Message ID 20241016-shstk_converge-v2-2-c41536eb5c3b@rivosinc.com (mailing list archive)
State New
Headers show
Series Converge common flows for cpu assisted shadow stack | expand

Commit Message

Deepak Gupta Oct. 16, 2024, 9:57 p.m. UTC
CPU assisted shadow stack are supported by x86, arm64 and risc-v. In
terms of enabling shadow stack feature for usermode code in kernel,
they have following commonalities

- Expose a user ABI (via a prctl) to allow user mode to explicitly
  ask for enabling shadow stack instead of by default enabling it.
  x86 series pre-dates arm64 or risc-v announcment of support, so it
  ended up doing a arch specific prctl instead of generic one. arm64
  and risc-v have converged on using generic prctl and each of them
  can handle it appropriatley.

- On fork or clone, shadow stack has to be COWed or not COWed depending
  on CLONE_VM was passed or not. Additionally if CLONE_VFORK was passed
  then same (parent one) shadow stack should be used.

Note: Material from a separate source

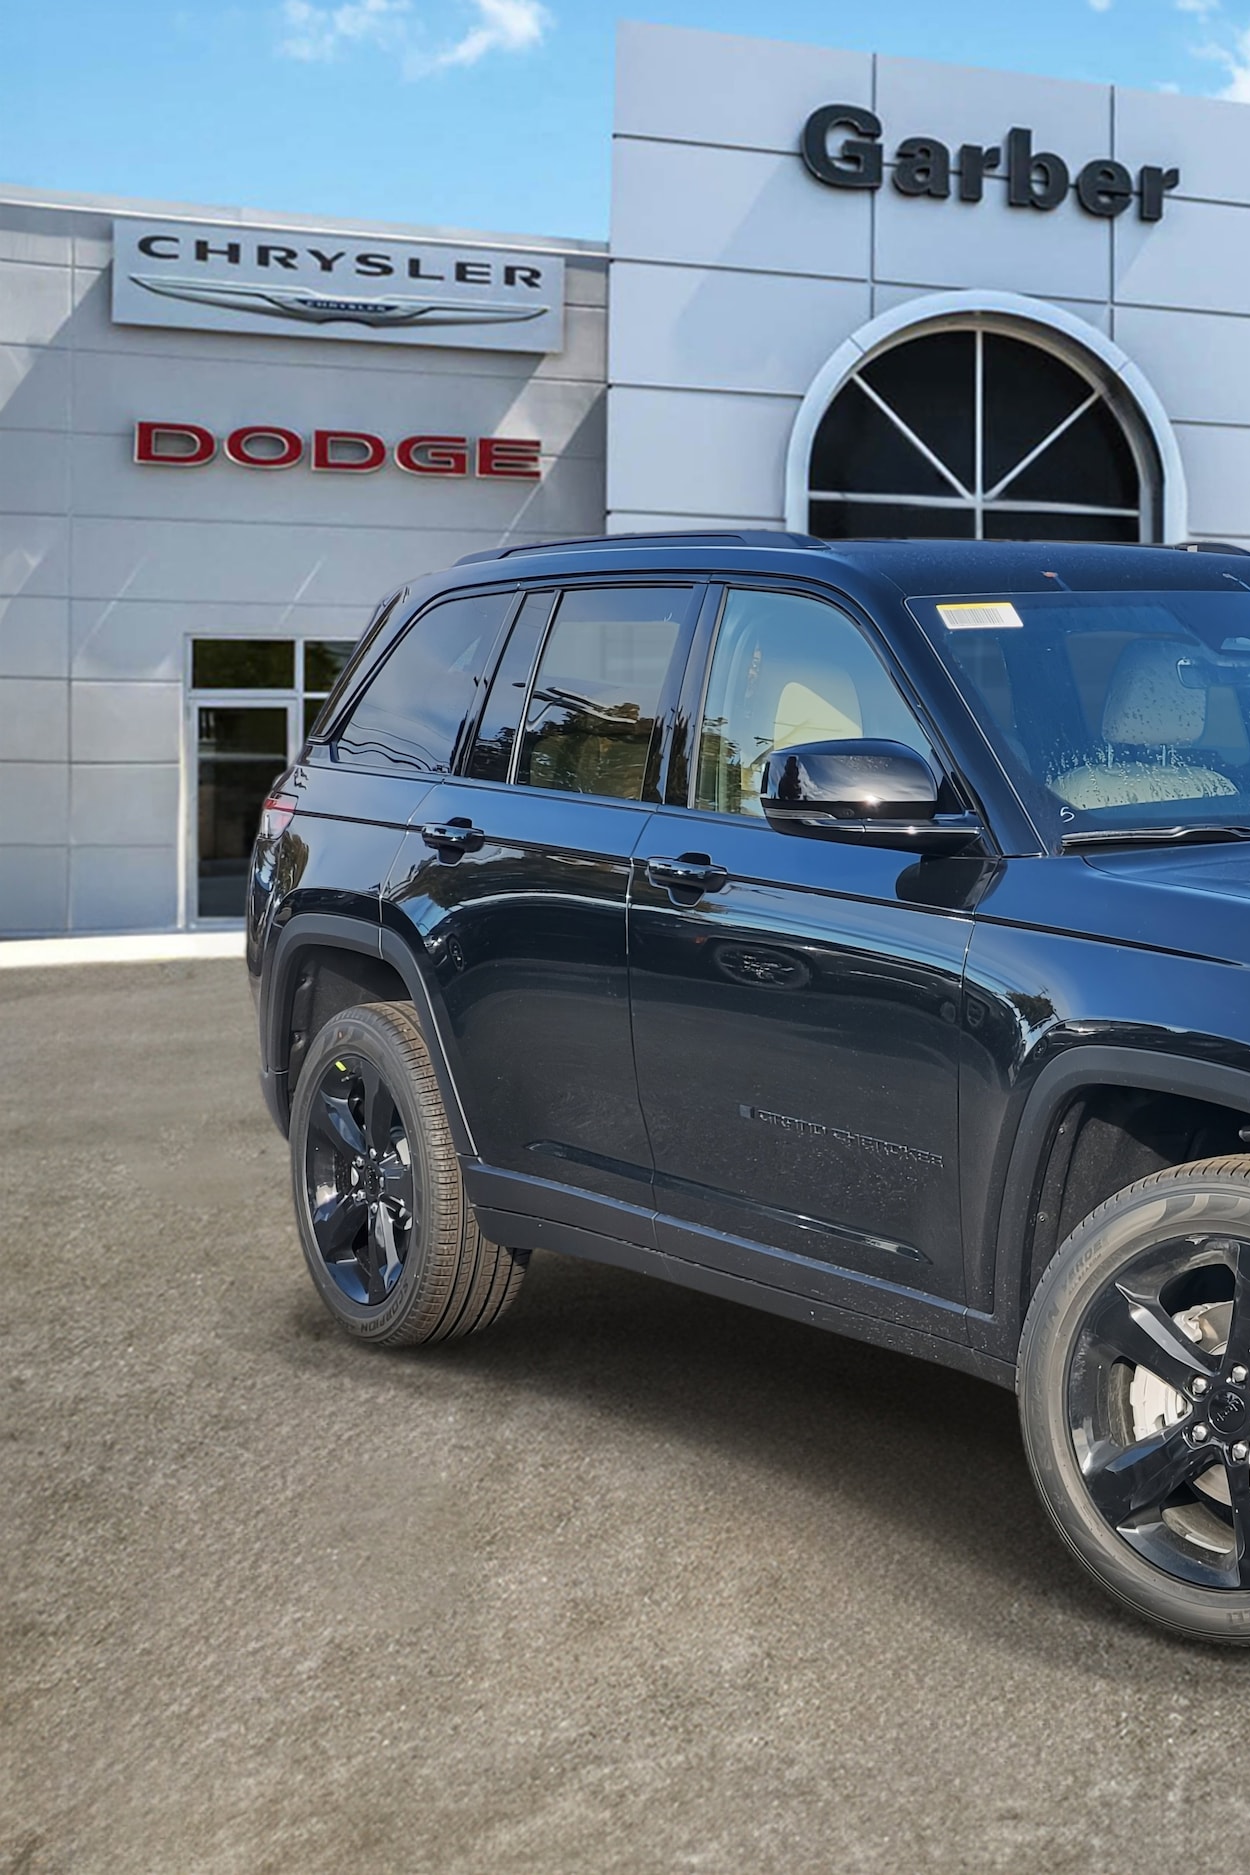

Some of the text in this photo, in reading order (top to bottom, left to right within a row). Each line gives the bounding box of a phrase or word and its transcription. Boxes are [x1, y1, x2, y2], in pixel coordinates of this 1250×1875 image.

- To create shadow stack mappings, implement `map_shadow_stack` system
  call.

This patch picks up Mark Brown's `ARCH_HAS_USER_SHADOW_STACK` config
introduction and incorproate most of the common flows between different
architectures.

On a high level, shadow stack allocation and shadow stack de-allocation
are base operations on virtual memory and common between architectures.
Similarly shadow stack setup on prctl (arch specific or otherwise) is a
common flow. Treatment of shadow stack virtual memory on `clone/fork` and
implementaiton of `map_shadow_stack` is also converged into common flow.

To implement these common flows, each architecture have arch-specific
enabling mechanism as well as arch-specific data structures in task/
thread struct. So additionally this patch tries to abstract certain
operation/helpers and allowing each architecture to have their arch_*
implementation to implement the abstractions.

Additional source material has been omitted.